About this task:
Write out the lines below once more, exactly as they appear. Do not include pictures.

═══ Information provided ═══

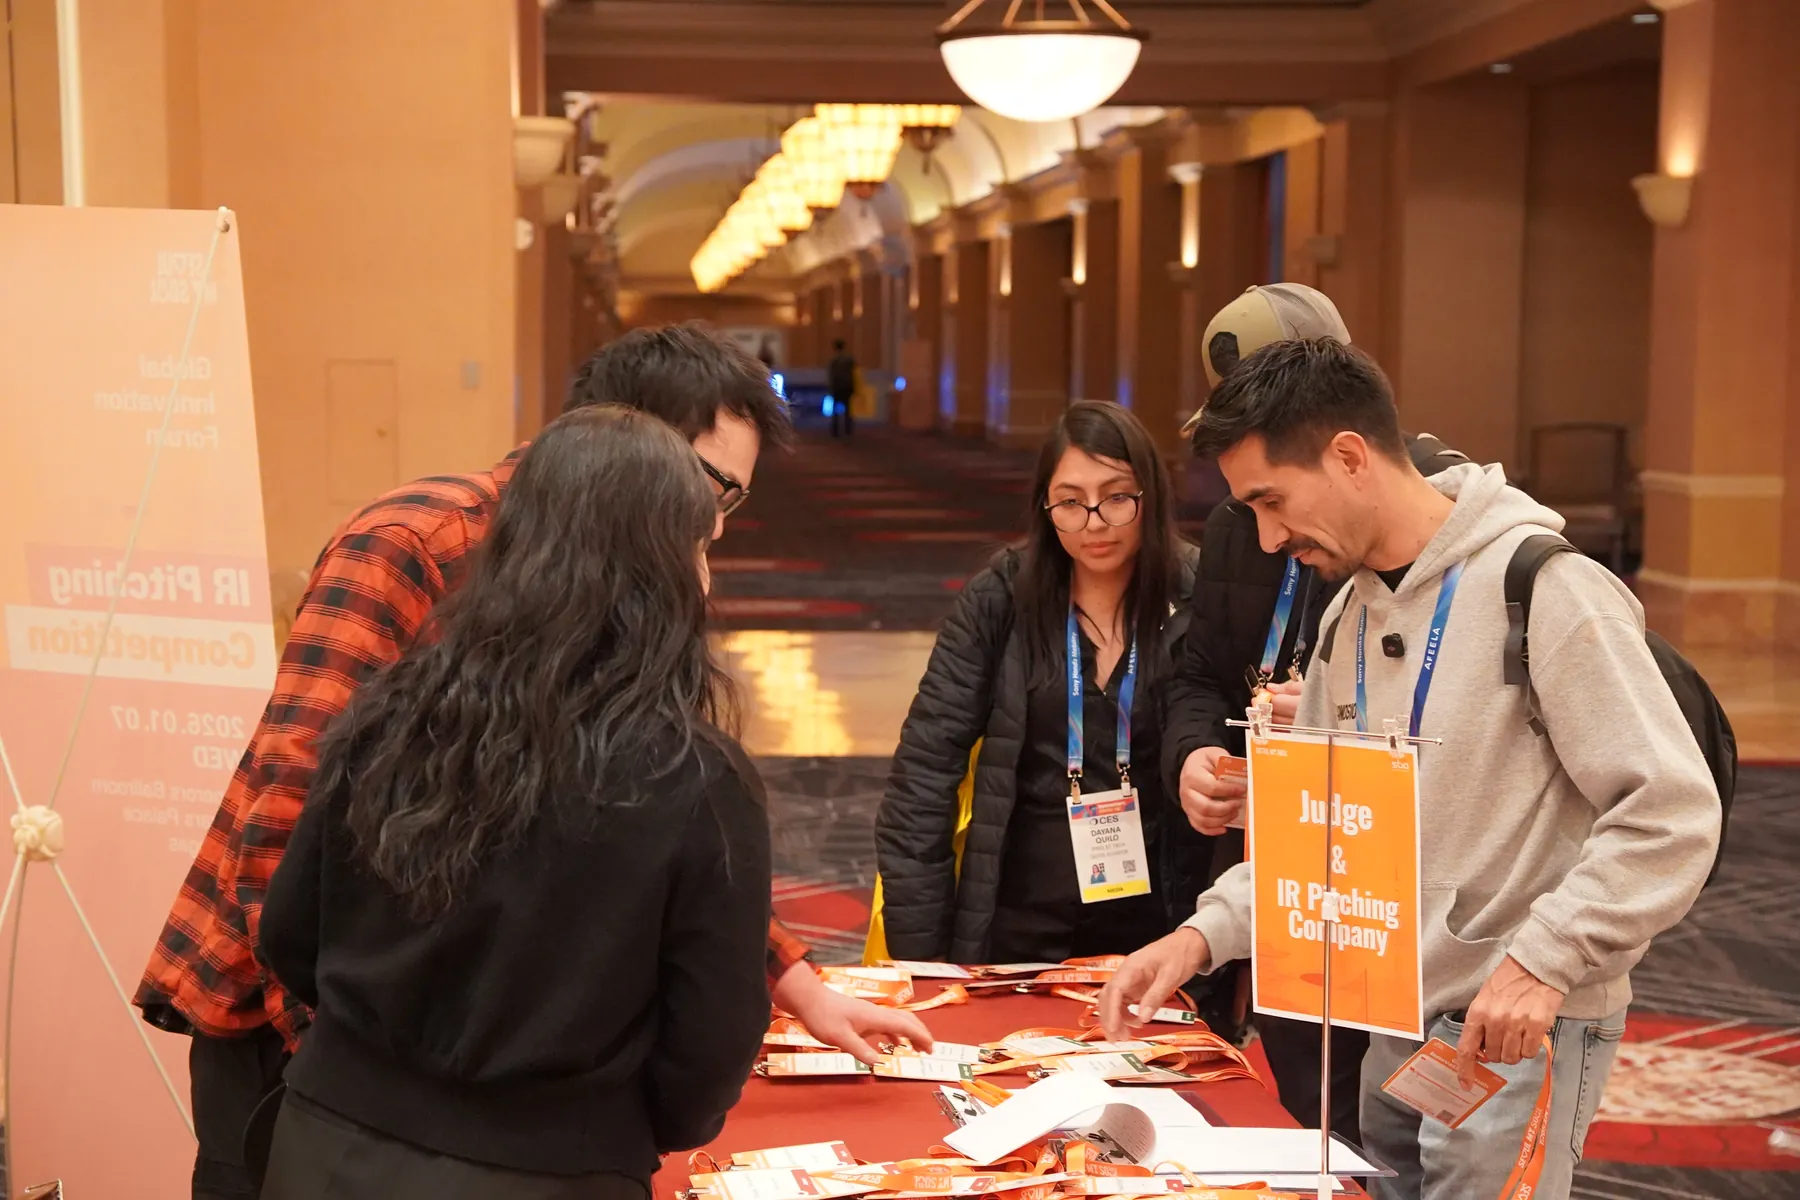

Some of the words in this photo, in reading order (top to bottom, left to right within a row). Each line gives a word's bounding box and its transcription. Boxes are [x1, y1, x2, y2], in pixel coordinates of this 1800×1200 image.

[1284, 577, 1296, 596] Sony
[1424, 627, 1441, 670] AFEELA
[1071, 658, 1079, 679] Honda
[1072, 679, 1080, 697] Sony
[1099, 815, 1119, 825] CES
[1299, 789, 1373, 836] Judge
[1331, 845, 1347, 875] &
[1277, 878, 1301, 909] IR

═══

Reply:
Some of the words in this photo, in reading order (top to bottom, left to right within a row). Each line gives a word's bounding box and its transcription. Boxes are [x1, y1, x2, y2], in pixel coordinates of this 1800×1200 image.

[1284, 577, 1296, 596] Sony
[1424, 627, 1441, 670] AFEELA
[1071, 658, 1079, 679] Honda
[1072, 679, 1080, 697] Sony
[1099, 815, 1119, 825] CES
[1299, 789, 1373, 836] Judge
[1331, 845, 1347, 875] &
[1277, 878, 1301, 909] IR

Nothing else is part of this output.